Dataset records
━━━━

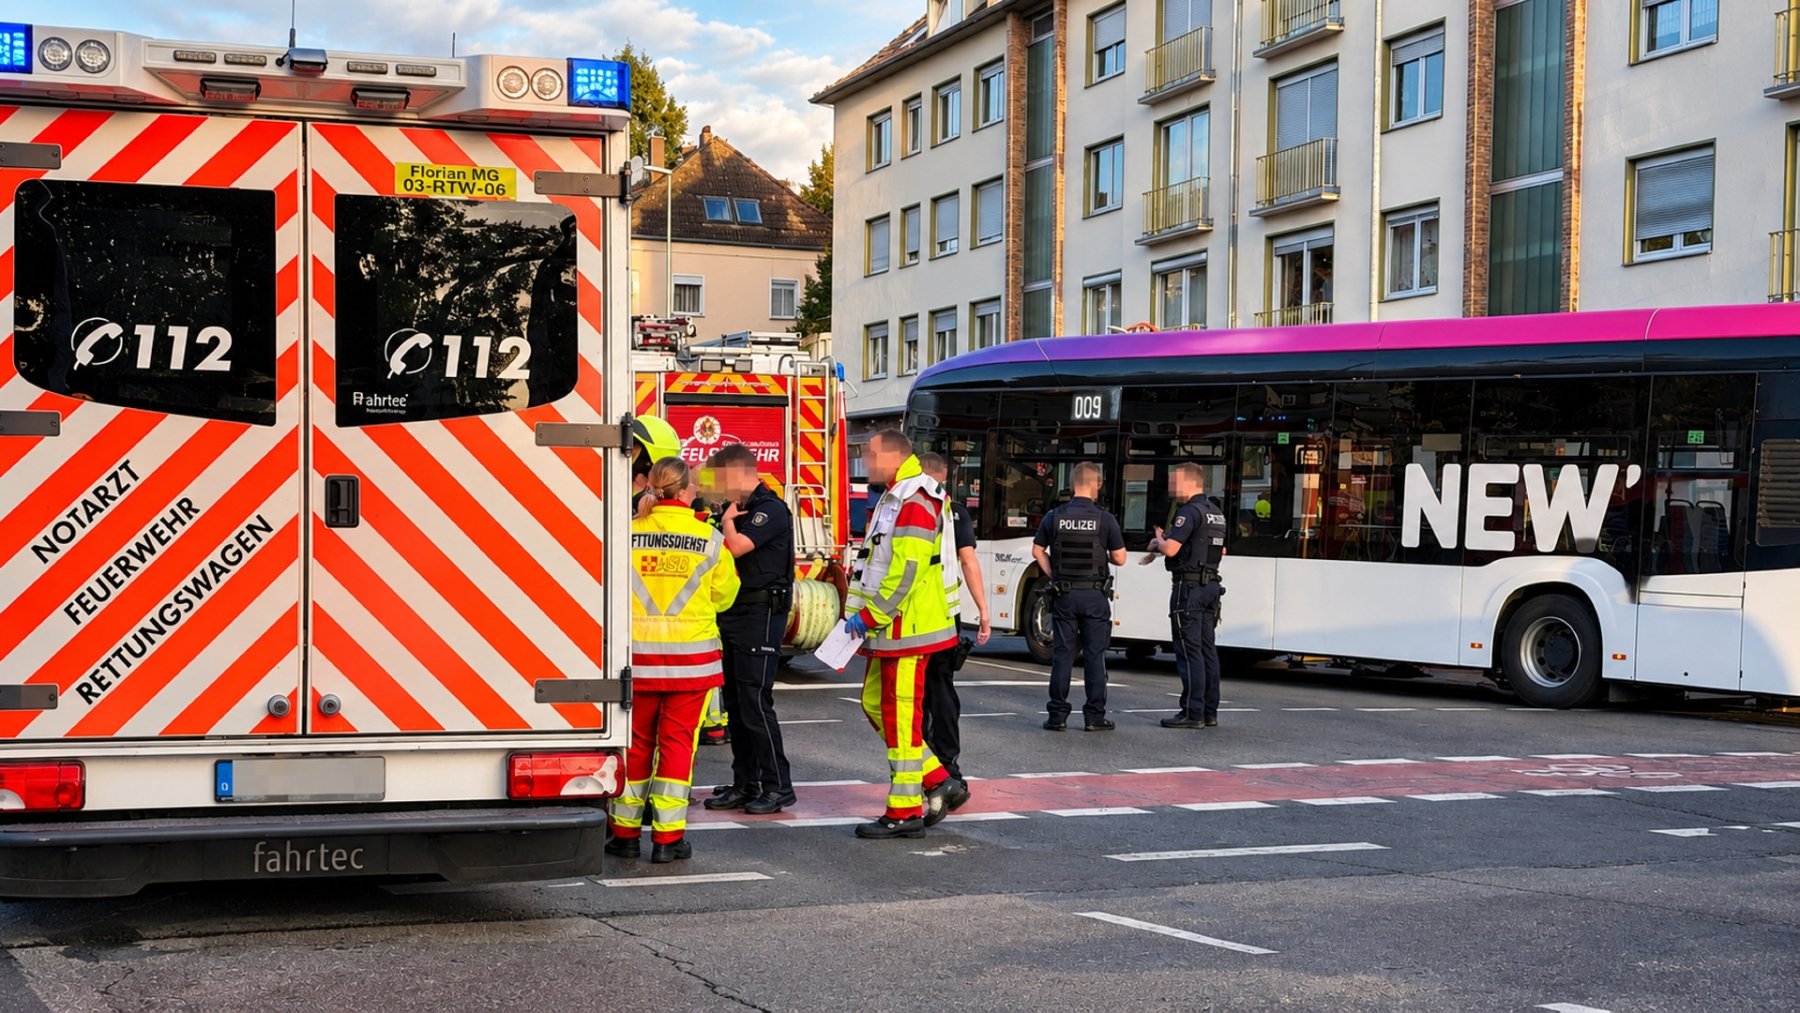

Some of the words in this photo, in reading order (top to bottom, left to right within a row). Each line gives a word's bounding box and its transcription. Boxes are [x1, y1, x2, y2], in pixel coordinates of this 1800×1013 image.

[403, 178, 506, 196] 03-RTW-06
[410, 165, 466, 180] Florian
[472, 168, 499, 181] MG
[134, 324, 232, 371] 112
[443, 335, 531, 379] 112
[1075, 395, 1101, 419] 009
[31, 459, 140, 564] NOTARZT
[1058, 518, 1097, 531] POLIZEI
[63, 497, 201, 626] FEUERWEHR
[75, 514, 274, 706] RETTUNGSWAGEN
[253, 840, 364, 873] fahrtec

━━━━

Work item
Transcribe the data completely. No pictures should appear in the transcription.

Solution to this problem
Some of the words in this photo, in reading order (top to bottom, left to right within a row). Each line gives a word's bounding box and its transcription. Boxes are [x1, y1, x2, y2], in pixel coordinates of this 1800×1013 image.

[403, 178, 506, 196] 03-RTW-06
[410, 165, 466, 180] Florian
[472, 168, 499, 181] MG
[134, 324, 232, 371] 112
[443, 335, 531, 379] 112
[1075, 395, 1101, 419] 009
[31, 459, 140, 564] NOTARZT
[1058, 518, 1097, 531] POLIZEI
[63, 497, 201, 626] FEUERWEHR
[75, 514, 274, 706] RETTUNGSWAGEN
[253, 840, 364, 873] fahrtec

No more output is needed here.